Sunday, November 16, 2008

Mance Lipscomb


Mance Lipscomb (April 9, 1895January 30, 1976[1]) was an influential blues singer, guitarist and songster. Born Beau De Glen Lipscomb near Navasota, Texas, he as a youth took the name of 'Mance' from a friend of his oldest brother Charlie (Mance short for emancipation). Lipscomb was the son of an ex-slave from Alabama and a half Choctaw Indian mother.

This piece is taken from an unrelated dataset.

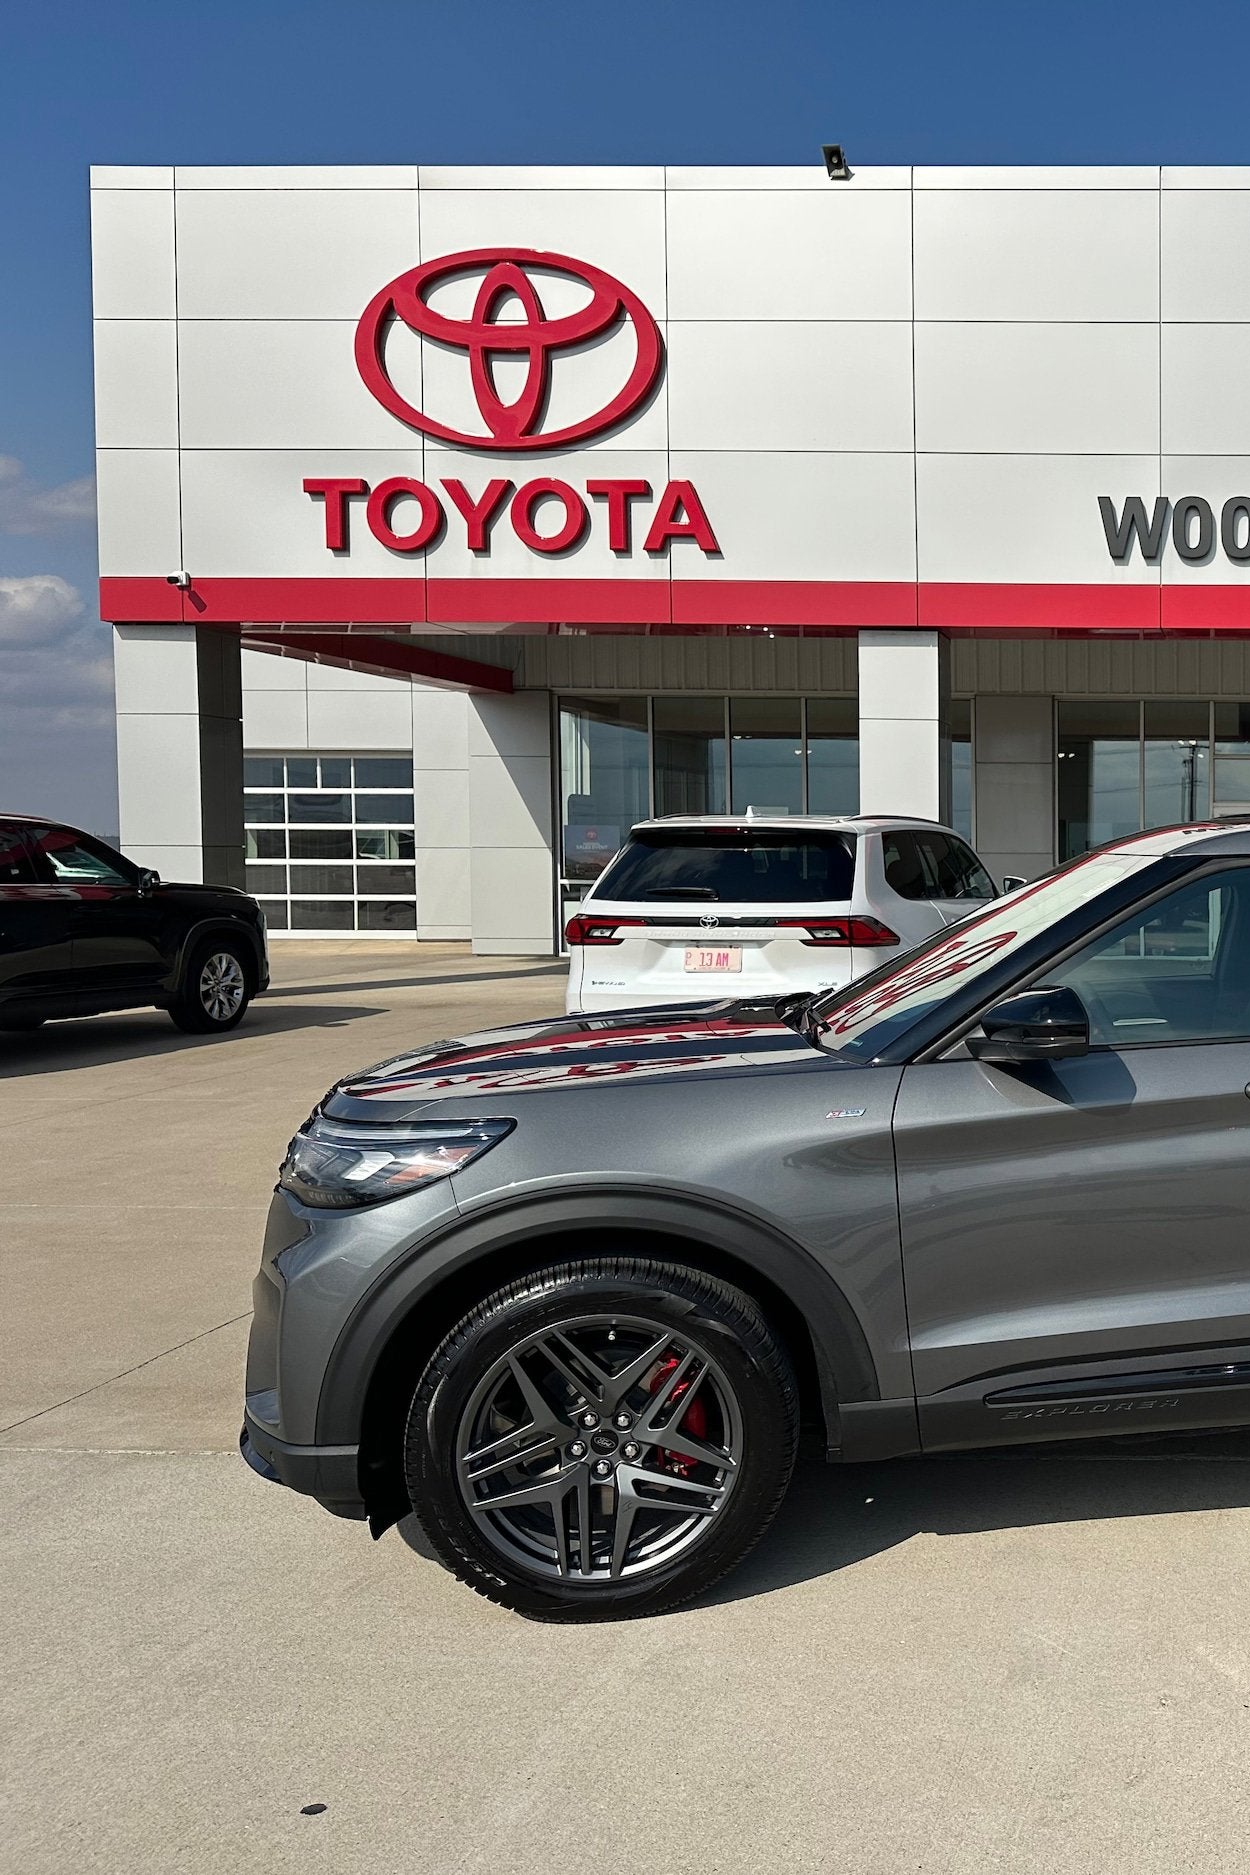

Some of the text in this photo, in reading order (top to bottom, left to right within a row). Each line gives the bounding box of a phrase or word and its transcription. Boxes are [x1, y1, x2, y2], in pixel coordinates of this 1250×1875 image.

Lipscomb spent most of his life working as a tenant farmer in Texas and was "discovered" and recorded by Mack McCormick and Chris Strachwitz in 1960 during the country blues revival. He released many albums of blues, ragtime, Tin Pan Alley and folk music (most of them on Strachwitz' Arhoolie label[1]), singing and accompanying himself on acoustic guitar. He had a fine finger-picking guitar technique, and an expressive voice well suited to his material. His debut release, Texas Songster (1960) revealed how broad and catholic his repertoire was. To me, Mance Lipscomb Was Part Blind Lemon Jefferson, Part Blind Willie Johnson and Part Leadbelly rolled into an East Texas Blues Juggernaut.Unlike many of his contemporaries, he did not record in the early blues era, but his life is well documented thanks to his autobiography, I Say Me for a Parable: The Oral Autobiography of Mance Lipscomb, Texas Bluesman, narrated to Glen Alyn, which was published posthumously, and also a short 1971 documentary by Les Blank, A Well Spent Life[1].